Every line from the line containing "this 1280×1708 image." through the final line below is to be repeated exactly; no other line is.

Information supplied:

::::

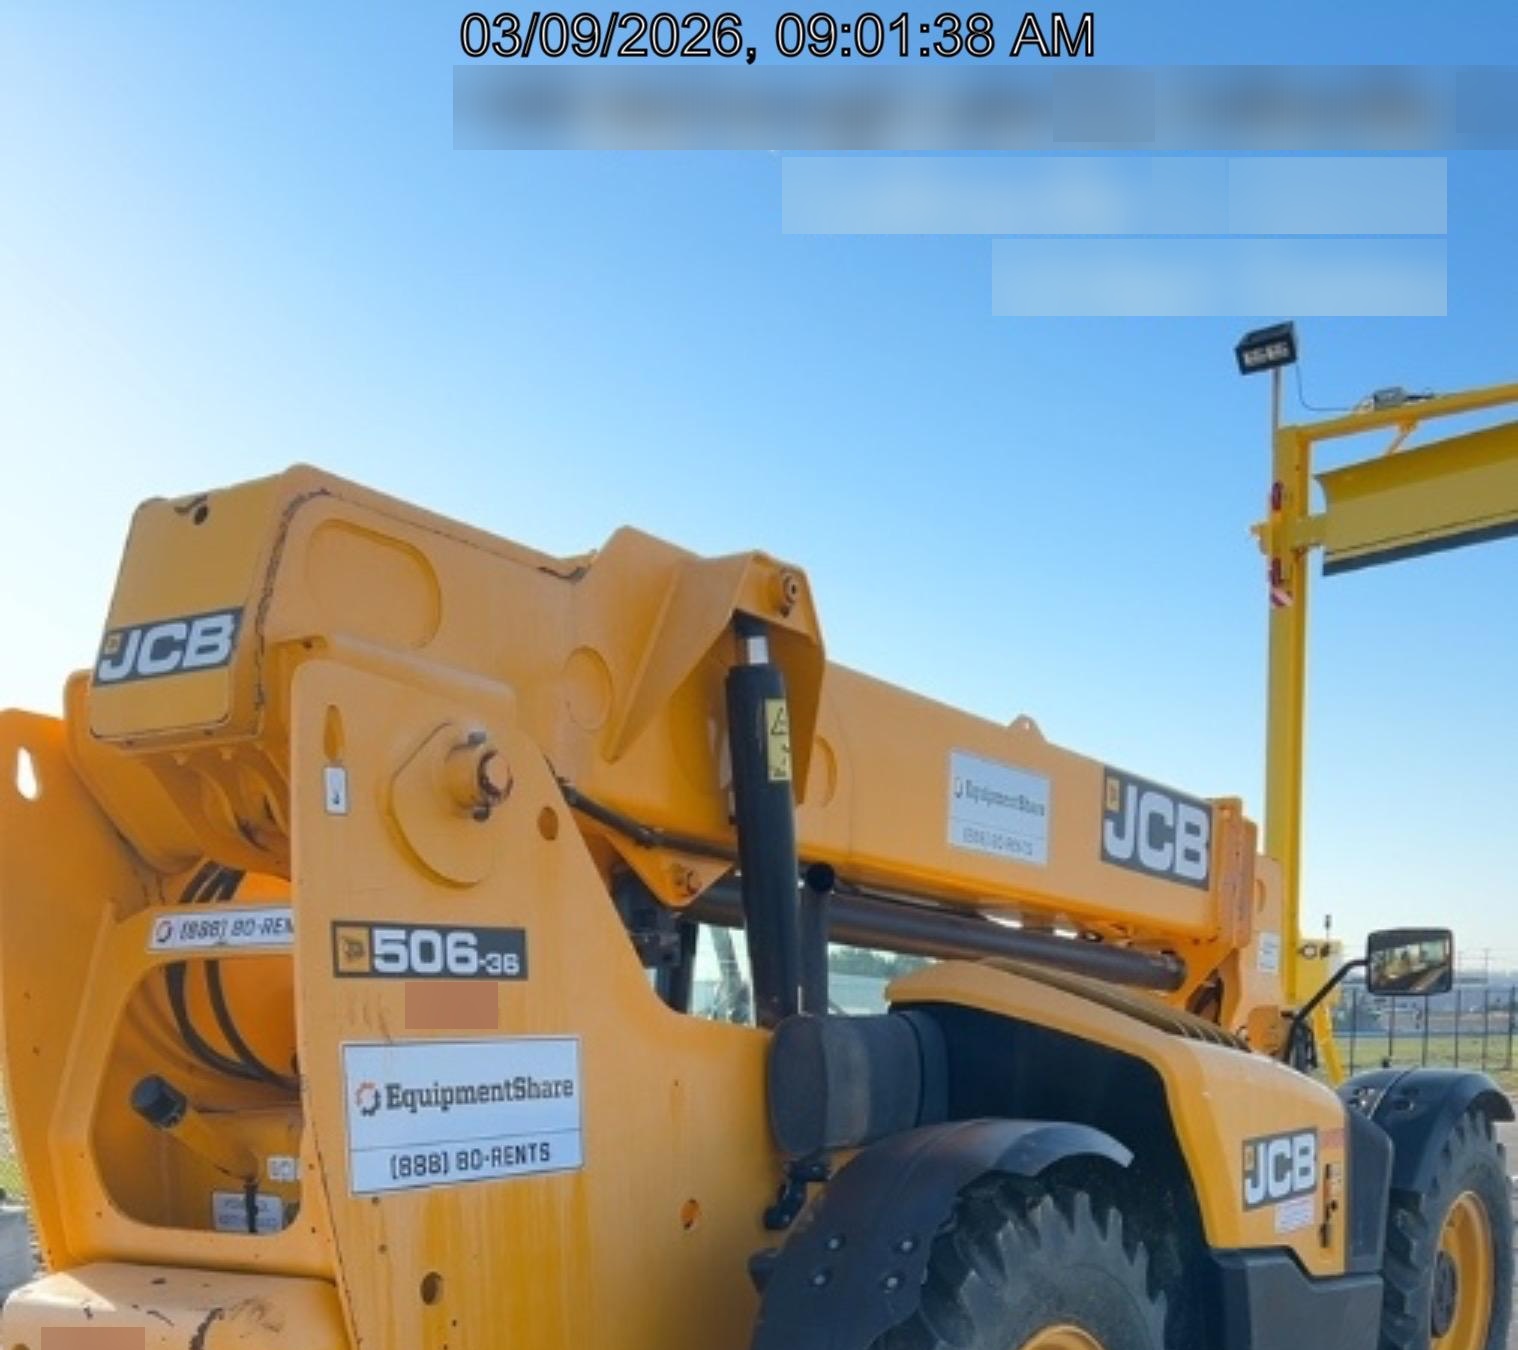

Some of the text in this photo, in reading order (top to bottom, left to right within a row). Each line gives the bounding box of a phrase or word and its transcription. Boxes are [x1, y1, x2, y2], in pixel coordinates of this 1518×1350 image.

[98, 614, 236, 681] JCB
[1103, 784, 1209, 880] JCB
[385, 1075, 574, 1114] EquipmentShare
[455, 1142, 551, 1171] 80-RENTS
[1244, 1133, 1315, 1204] JCB
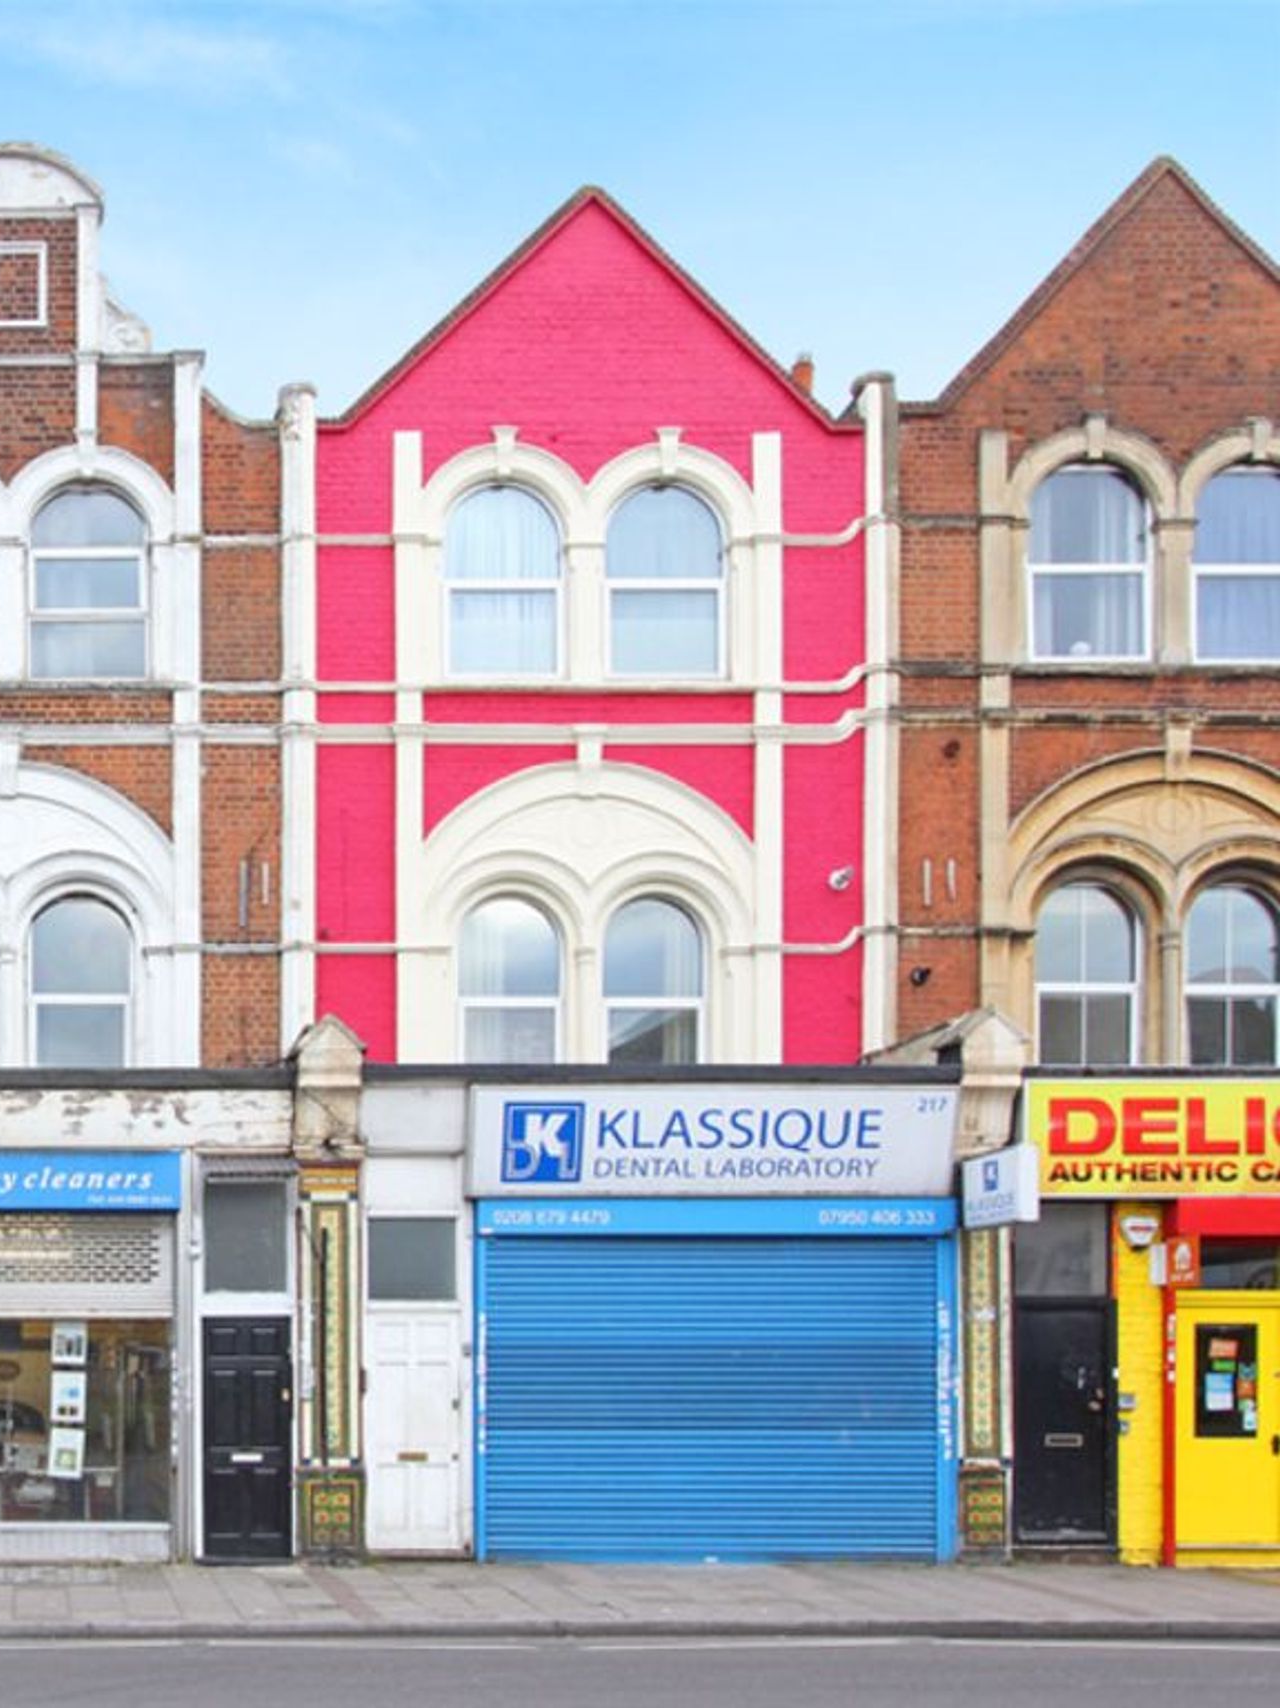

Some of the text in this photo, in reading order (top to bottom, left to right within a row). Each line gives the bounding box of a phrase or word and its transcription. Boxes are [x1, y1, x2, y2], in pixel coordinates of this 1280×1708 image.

[916, 1096, 948, 1113] 217
[597, 1109, 883, 1152] KLASSIQUE
[1049, 1097, 1280, 1156] DELI
[23, 1166, 153, 1190] cleaners
[594, 1156, 880, 1179] DENTAL LABORATORY
[1049, 1161, 1280, 1183] AUTHENTIC C

::::

Task answer:
Some of the text in this photo, in reading order (top to bottom, left to right within a row). Each line gives the bounding box of a phrase or word and its transcription. Boxes are [x1, y1, x2, y2], in pixel coordinates of this 1280×1708 image.

[916, 1096, 948, 1113] 217
[597, 1109, 883, 1152] KLASSIQUE
[1049, 1097, 1280, 1156] DELI
[23, 1166, 153, 1190] cleaners
[594, 1156, 880, 1179] DENTAL LABORATORY
[1049, 1161, 1280, 1183] AUTHENTIC C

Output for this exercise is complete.